Le compte n’y est pas

« Cette convention très légitime consacre l’engagement des praticiens à favoriser la qualité de la pratique et à moderniser leur rémunération », s’est félicité Frédéric van Roekeghem. Si la modernisation est bien au rendez-vous, du côté de son l’augmentation, c’est autre chose… Hormis le bonus que peut apporter l’option « P4P », la nouvelle convention n’est guère généreuse du côté revalorisation tarifaire. Après l’obtention au 1er janvier dernier du C à 23 euros – attendu depuis 2007 ! – les généralistes ne devaient pas espérer une nouvelle hausse de leur lettre-clé. La convention leur octroie cependant la possibilité de coter à 50 % les frottis comme un acte technique en plus de la consultation, et 2 V la nouvelle « Visite Longue et complexe » (VL) chez le patient Alzheimer. Trois spécialités cliniques bénéficient de revalorisations : les dermatologues, avec une consultation de dépistage des cancers cutanés à 46 euros, les pédiatres, avec une revalorisation à 38 euros des consultations obligatoires longues et complexes, et la création de la consultation du nouveau-né entre la sortie de la maternité et la 28e semaine (38 euros), et les psychiatres, qui voient leur lettre-clé (Cnpsy) passer de 34,30 euros à 37 euros. Ces derniers pourront en outre coter 1,5 euros une consultation effectuée dans les 48 h à la demande du médecin traitant. On peut ajouter encore la revalorisation du forfait de surveillance thermale, qui passe de 64,03 euros à 70 euros, et celle de la séance d’acupuncture (18 euros au lieu de 12,5 euros), et c’est tout pour ce qui est des revalorisations tarifaires.

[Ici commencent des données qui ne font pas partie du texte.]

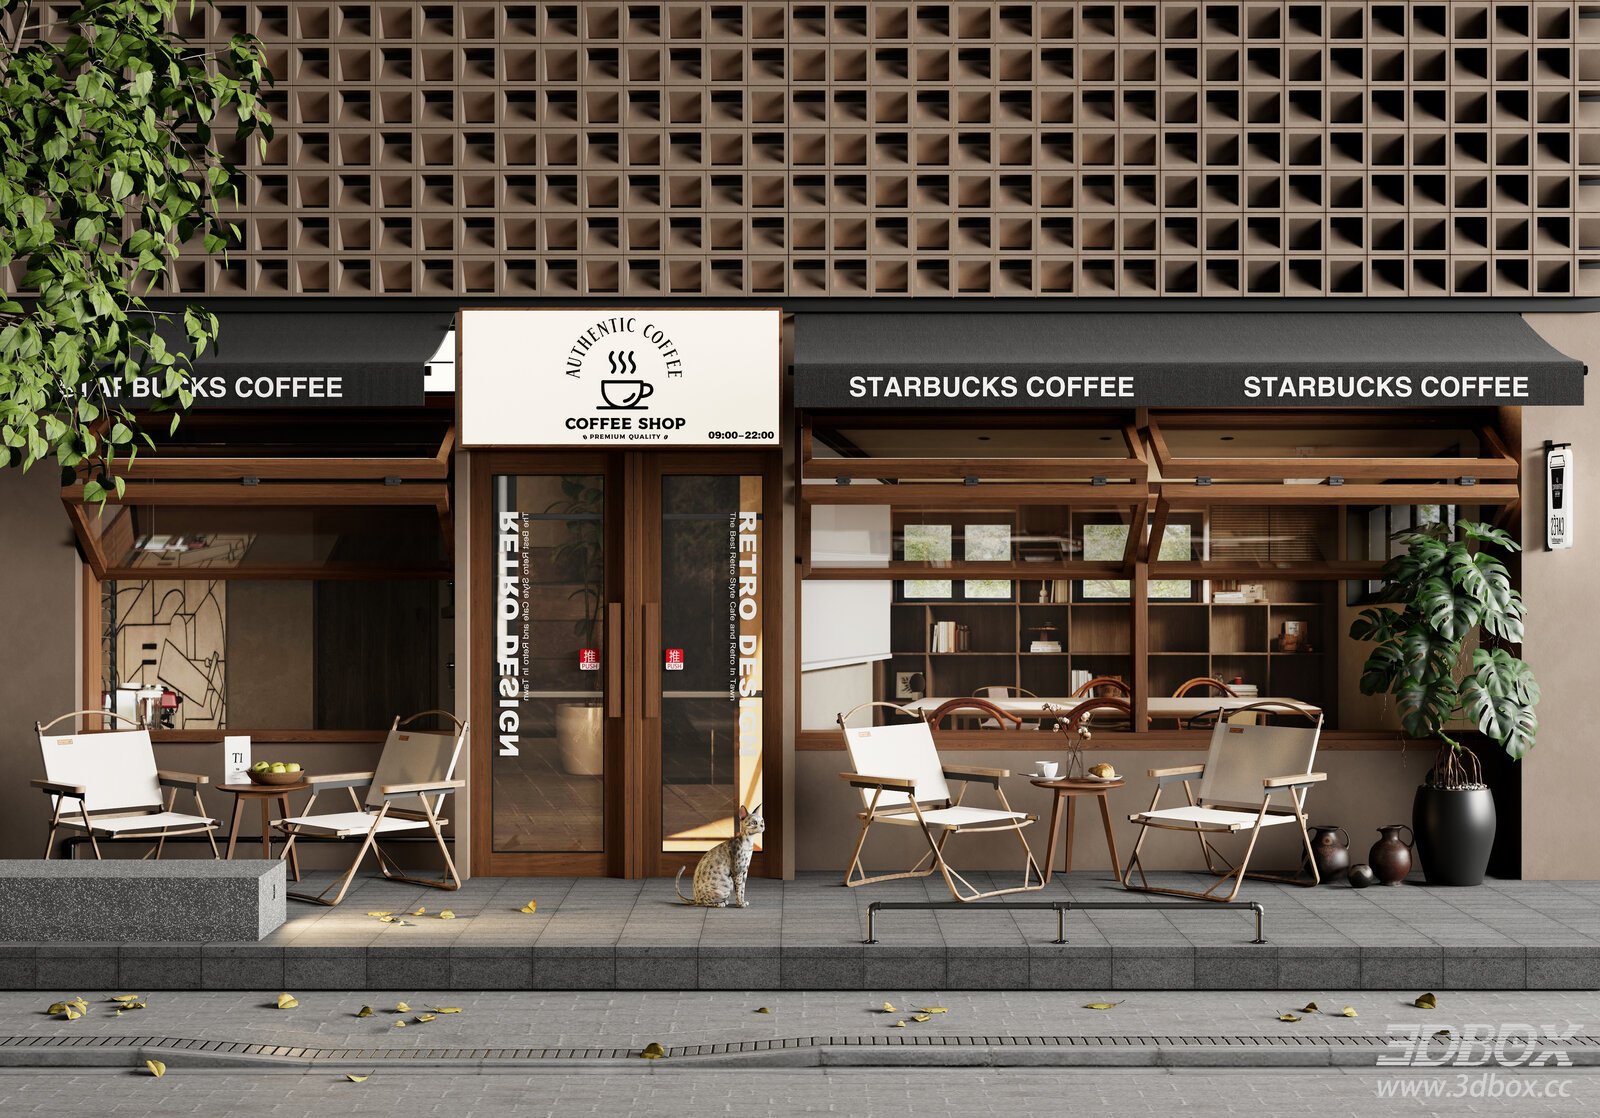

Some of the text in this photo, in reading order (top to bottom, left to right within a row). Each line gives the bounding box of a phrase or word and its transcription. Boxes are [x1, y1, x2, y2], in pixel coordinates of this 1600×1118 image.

Du côté des moyens, le compte n’y est pas, même pour les signataires.

« Nous déplorons que les masses financières engagées ne soient pas à la hauteur, et que pour la première, fois une convention ne comporte aucune revalorisation du C des généralistes. Ce sera notre combat pour les cinq ans à venir ; il n’est dans l’intérêt de personne que les actes médicaux ne soient pas rémunérés à leur juste valeur », déclare Michel Chassang. « La rémunération forfaitaire – dont la part est très en-dessous de ce que nous souhaitons – n’est pas au niveau du travail demandé aux médecins, renchérit Claude Leicher. Quant à la FMF, c’est essentiellement ce manque de moyens qui a motivé son refus de signer. « Il aurait fallut aller chercher les marges financières là où elles sont, tonne son président, Jean-Paul Hamon, c’est-à-dire à l’hôpital, en en régulant l’accès une bonne fois pour toutes, et sur les prescriptions pharmaceutiques. Pour exercer une médecine libérale de qualité, il faut un vrai forfait secrétariat et un vrai forfait communication. On ne peut pas livrer la médecine libérale comme cela, en signant une convention sans conditions ! Et il n’y a rien pour infléchir la courbe démographique. Ce n’est pas avec ce texte qu’on va inciter les jeunes à s’installer. »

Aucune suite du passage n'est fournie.